As they get ready to leave for their respective college experiences I marvel at their confidence. I think to myself, "We did that." We gave them the soft place to land so they could explore, be courageous, be brave, and live life to it's fullest.
I know from this past year when they leave, it is quiet. When they come back, it is loud, and messy, and laughter filled. Friends gather and visit.
With both of them gone, it will be doubly quiet.
I won't have to worry (not that I do as Bella will attest to) about what's for dinner. Cold cuts will last a day more. A gallon of milk will last ten days. Ben & Jerry's Phish Food will not have to be labeled with duct tape and a sharpie so as to make sure the right person's ice cream stays frozen. (Seriously.)

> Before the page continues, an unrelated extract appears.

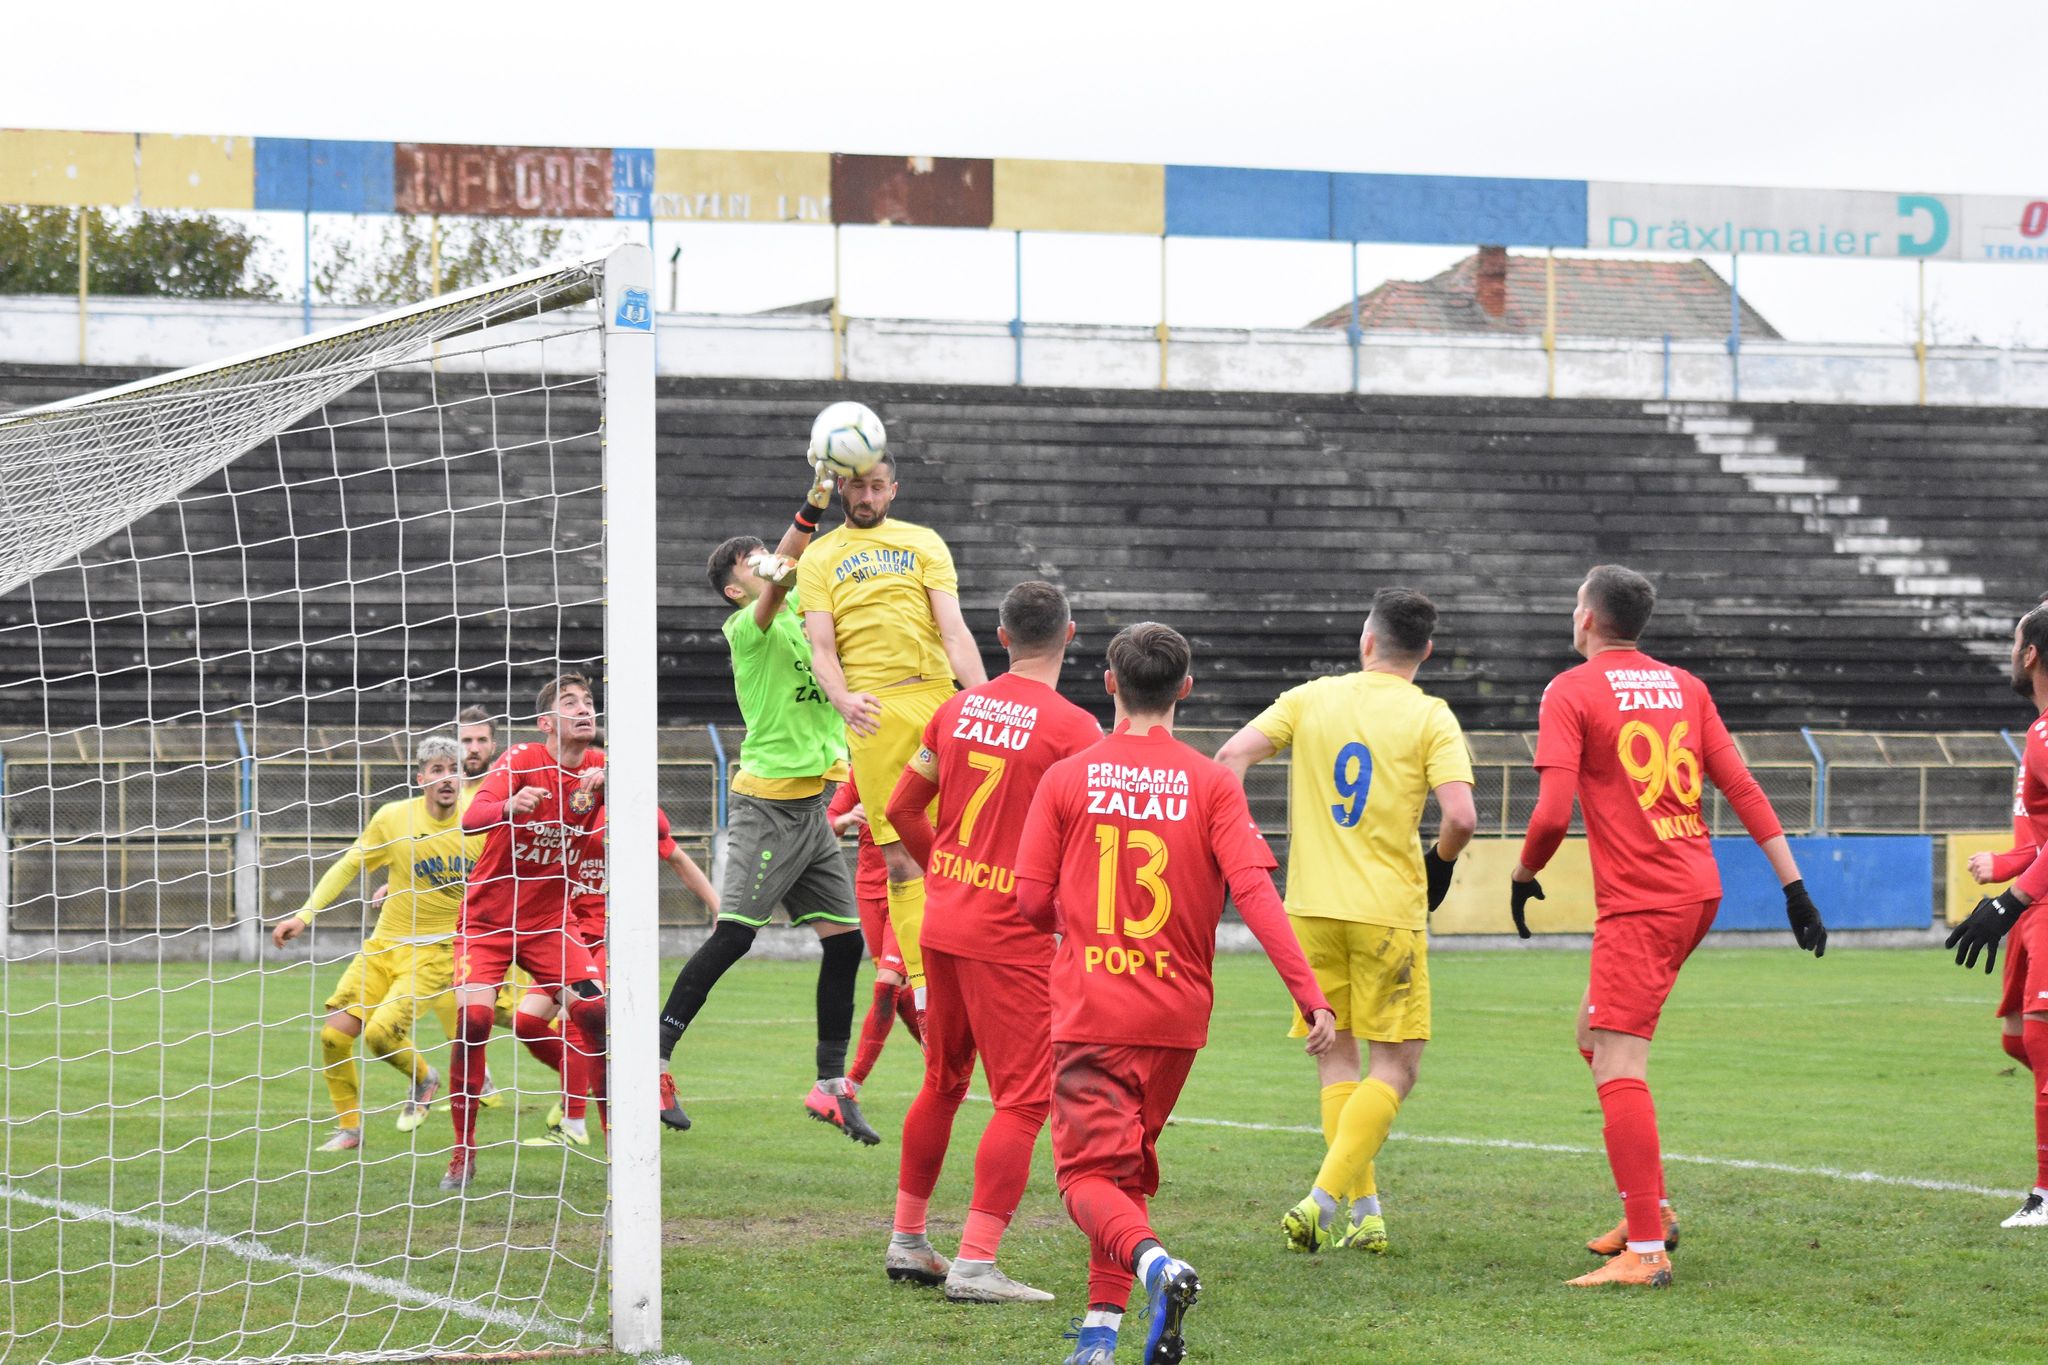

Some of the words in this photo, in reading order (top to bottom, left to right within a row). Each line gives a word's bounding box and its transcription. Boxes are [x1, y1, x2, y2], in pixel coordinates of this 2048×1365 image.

But the wings they are growing.
They make ME soar.
These two kids of mine make me proud. They make me stare and marvel at the magnificence of the humans we have created. They are the best of us and of course, the worst of us, and boy, oh, boy, they are truly something.
When I read the longings of my friends as their kids fly the nest and head off on their next big adventure, I appreciate it. I get it.
But I don't follow that same thought process. I want and need them to go forth and take on the world. (And I do know my friends who are missing their kids want the same thing!)
I applaud, wish them well, and know I've got their backs - no matter what, no matter where, no matter how.